OpenGL renderer string: Gallium 0.4 on SVGA3D; build: RELEASE; 
OpenGL version string:  2.1 Mesa 10.1.3

Not software rendered:    yes
Not blacklisted:          yes
GLX fbconfig:             yes
GLX texture from pixmap:  yes
GL npot or rect textures: yes
GL vertex program:        yes
GL fragment program:      yes
GL vertex buffer object:  yes
GL framebuffer object:    yes
GL version is 1.4+:       yes

Unity 3D supported:       yes


I'm still at a loss finding the problem. My current understanding is: I use the SDL_surfacetotexture() function and both parameters are not nullpointers. My guess is that one of the memory addresses in the parameters for this is restricted memory.
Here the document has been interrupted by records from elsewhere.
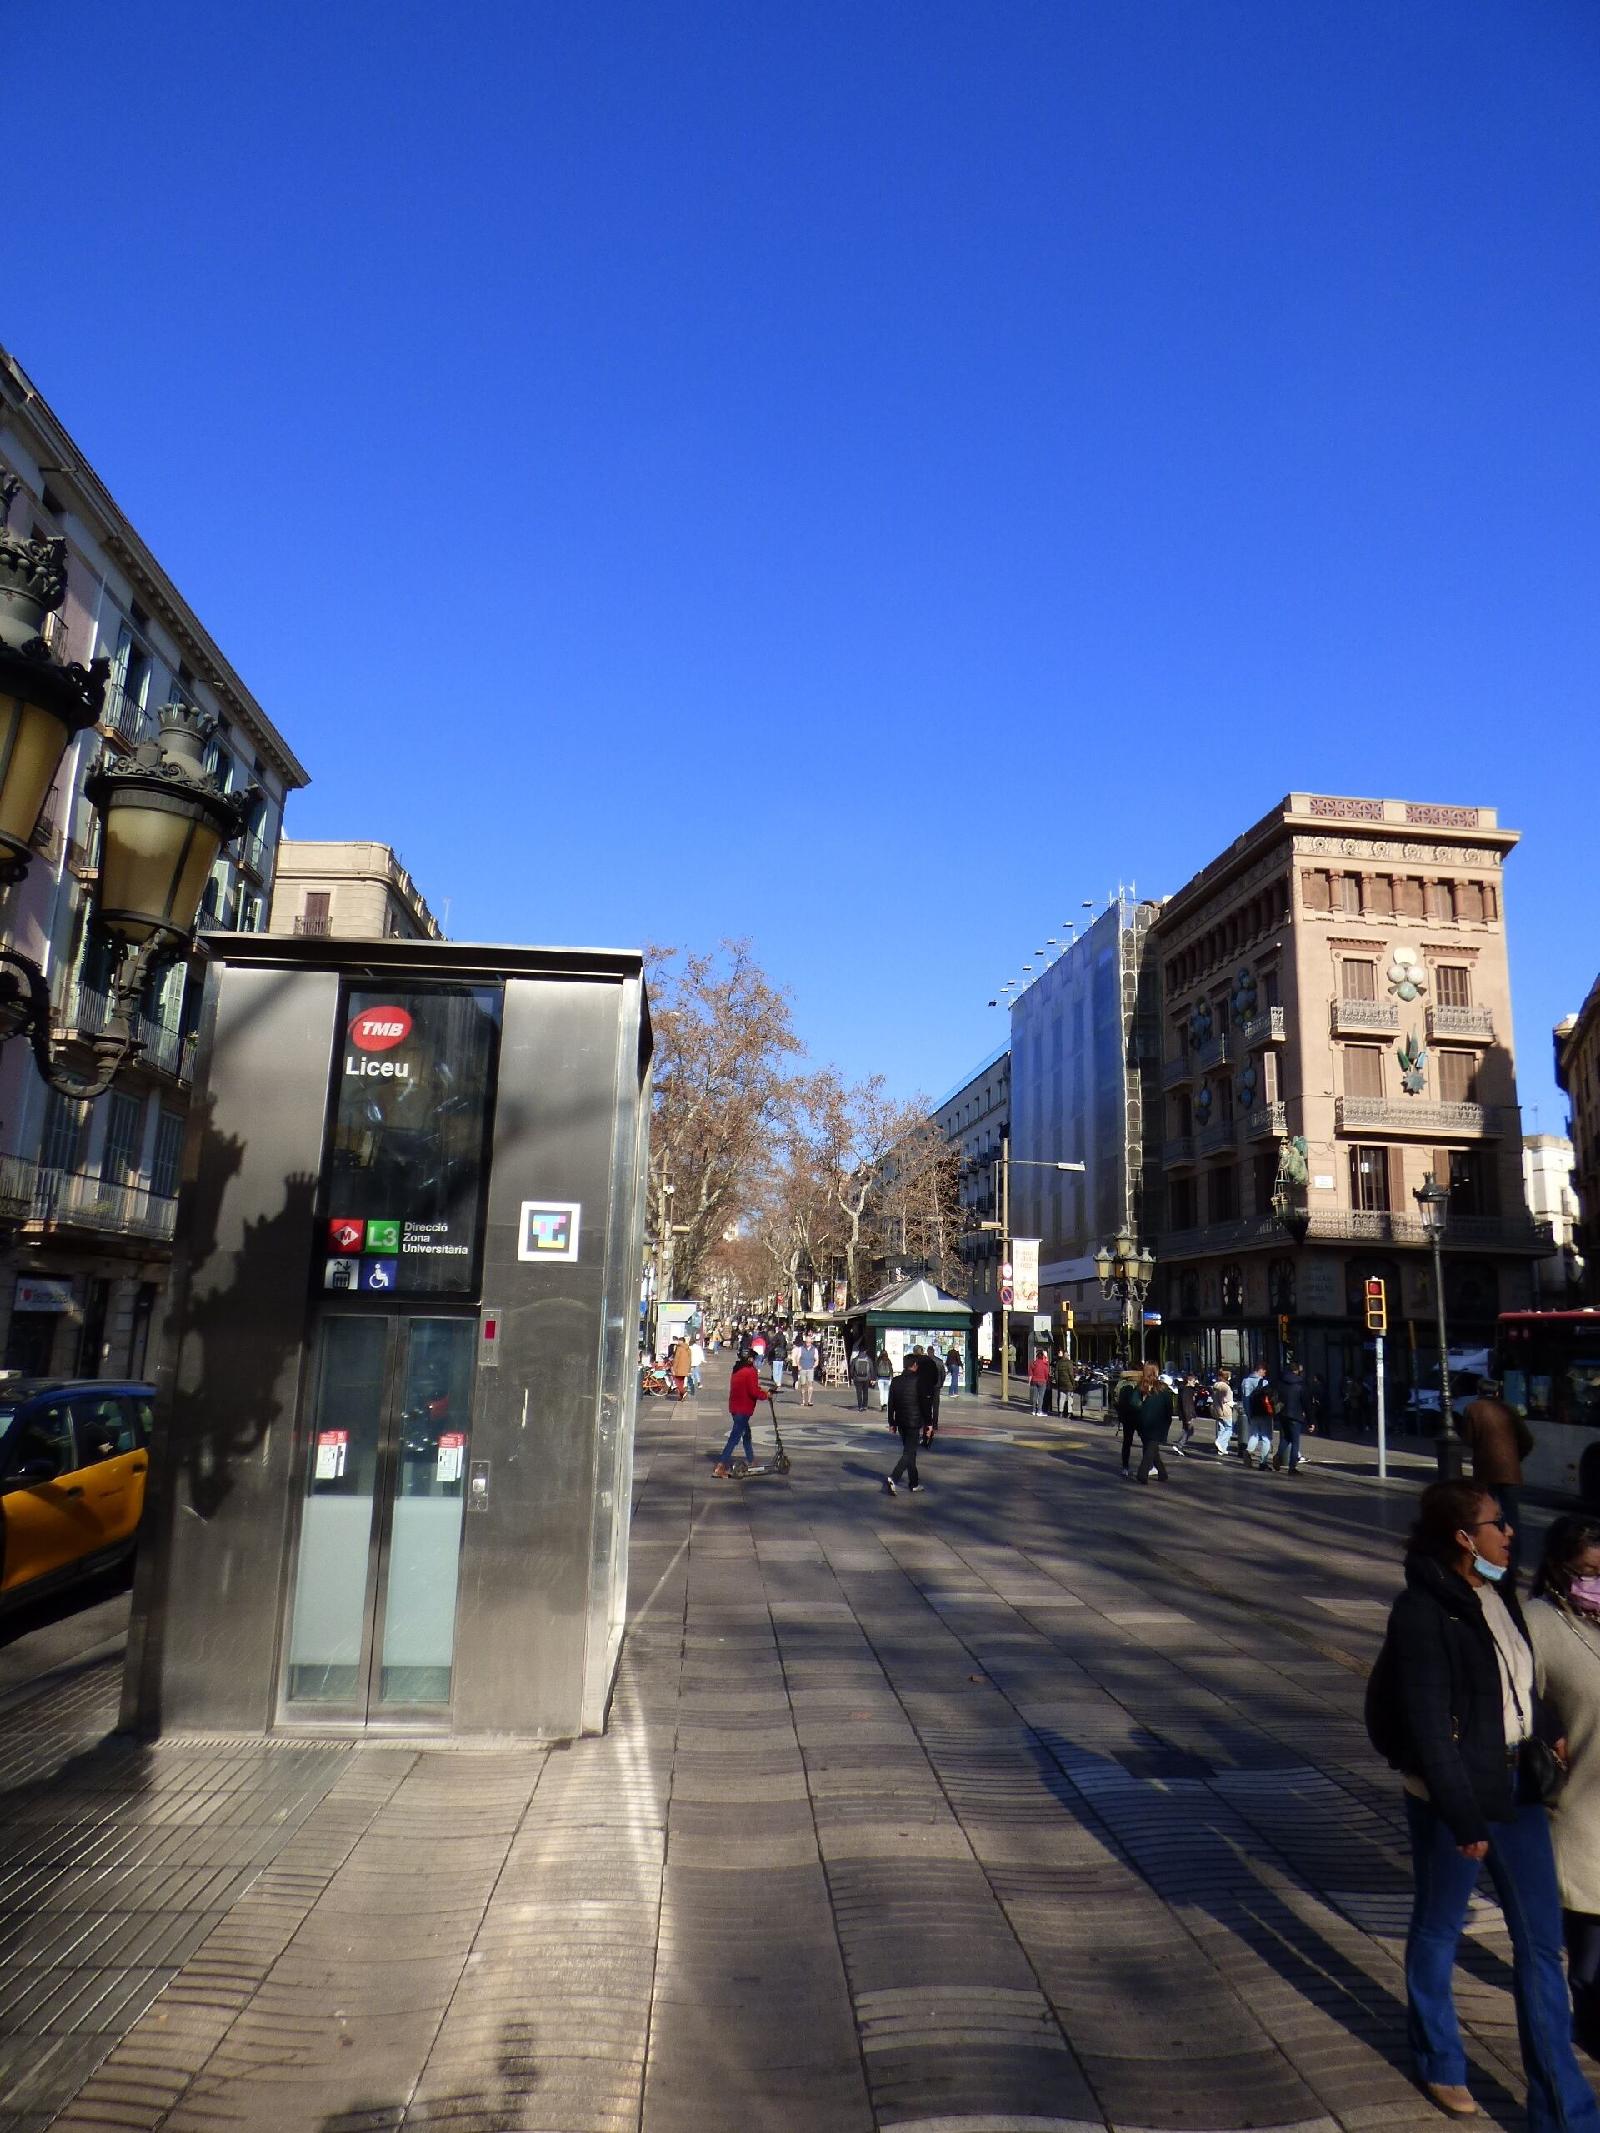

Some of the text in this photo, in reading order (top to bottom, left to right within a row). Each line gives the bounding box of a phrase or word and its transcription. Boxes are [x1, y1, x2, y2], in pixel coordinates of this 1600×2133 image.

[363, 1022, 403, 1037] TMB
[346, 1057, 409, 1077] Liceu
[404, 1222, 448, 1232] Direcció
[341, 1230, 352, 1240] M
[368, 1226, 397, 1247] L3
[403, 1233, 430, 1243] Zona
[403, 1244, 469, 1255] Universitària
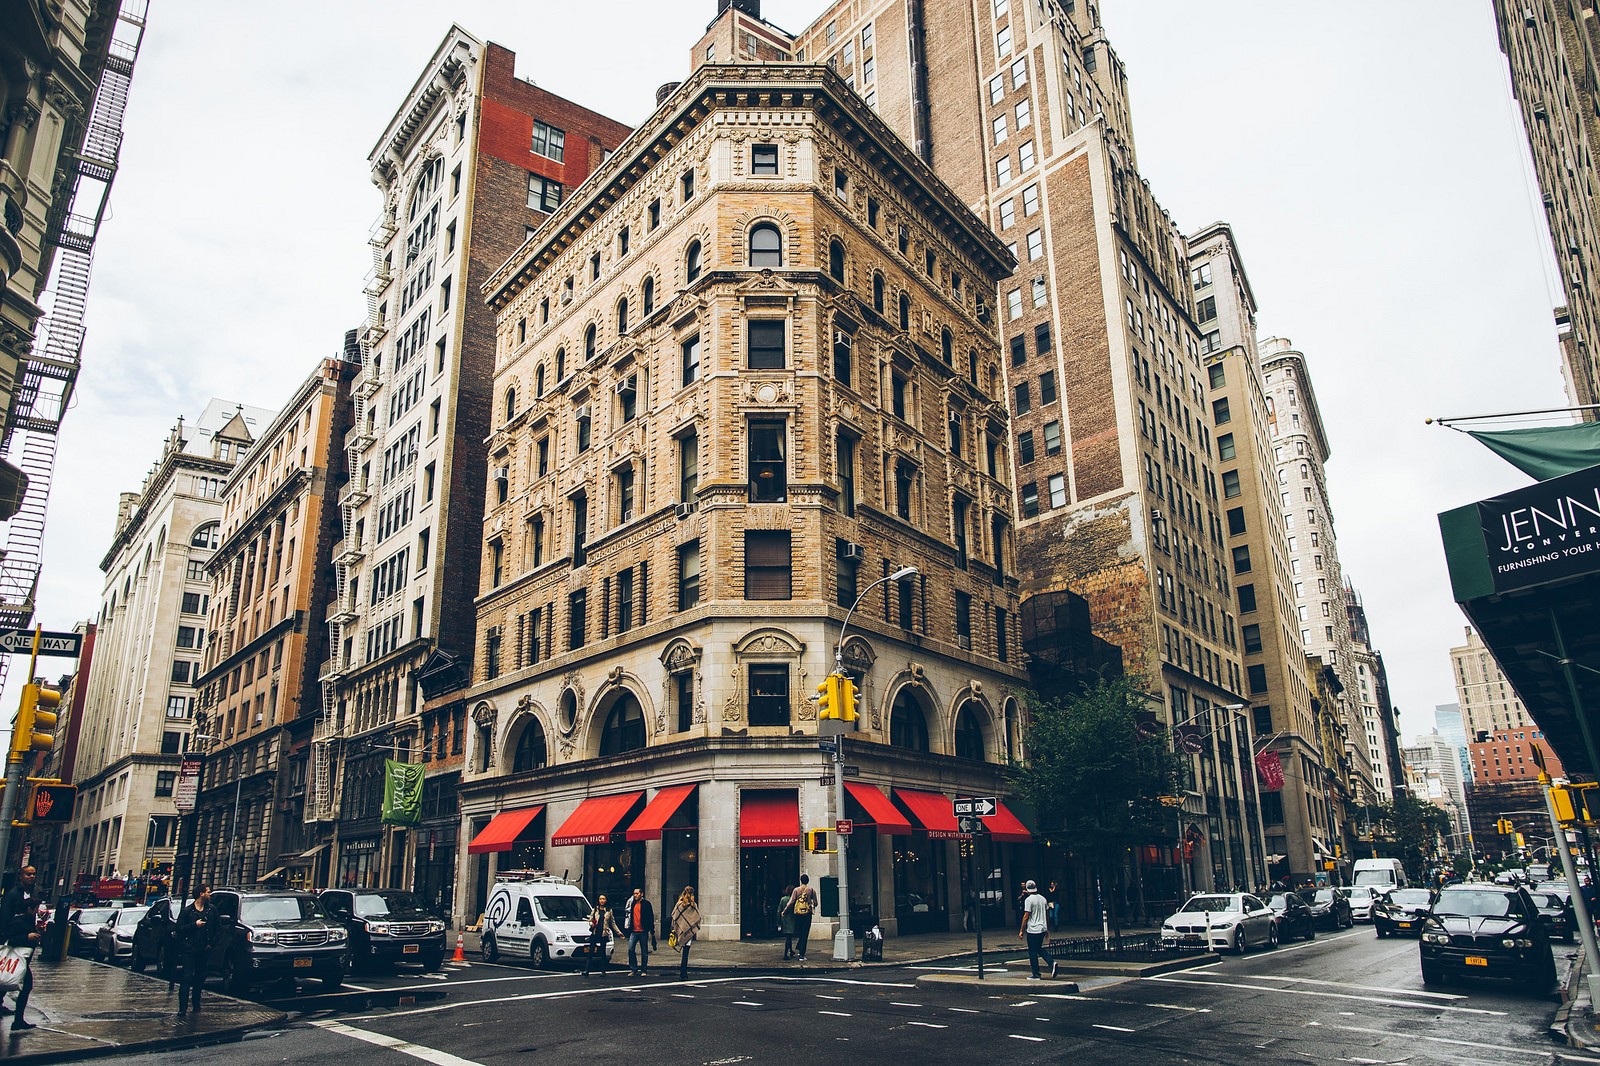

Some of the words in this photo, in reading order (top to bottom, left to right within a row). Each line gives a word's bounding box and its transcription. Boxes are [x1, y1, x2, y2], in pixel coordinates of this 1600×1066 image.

[1497, 551, 1559, 573] FURNISHING
[1562, 543, 1593, 557] YOUR
[4, 635, 31, 647] ONE
[43, 638, 71, 650] WAY
[957, 804, 969, 812] ONE
[554, 837, 571, 846] DESIGN
[572, 836, 589, 844] WITHIN
[590, 835, 606, 843] REACH
[928, 831, 947, 839] DESIGN
Can someone tell me how I can find this out or analyze further?
MrTAToad


Joined: 13 Feb 2014
Posts: 205
Location: Chichester, England
Virtual Machines may not actually be telling the truth - whilst it may report acceleration, the truth may be rather different Rolling Eyes

Do you have a proper Linux machine to hand ? If so, it may be worth testing that too.

It may be worth changing == nullptr to == NULL, just in case there is a problem there.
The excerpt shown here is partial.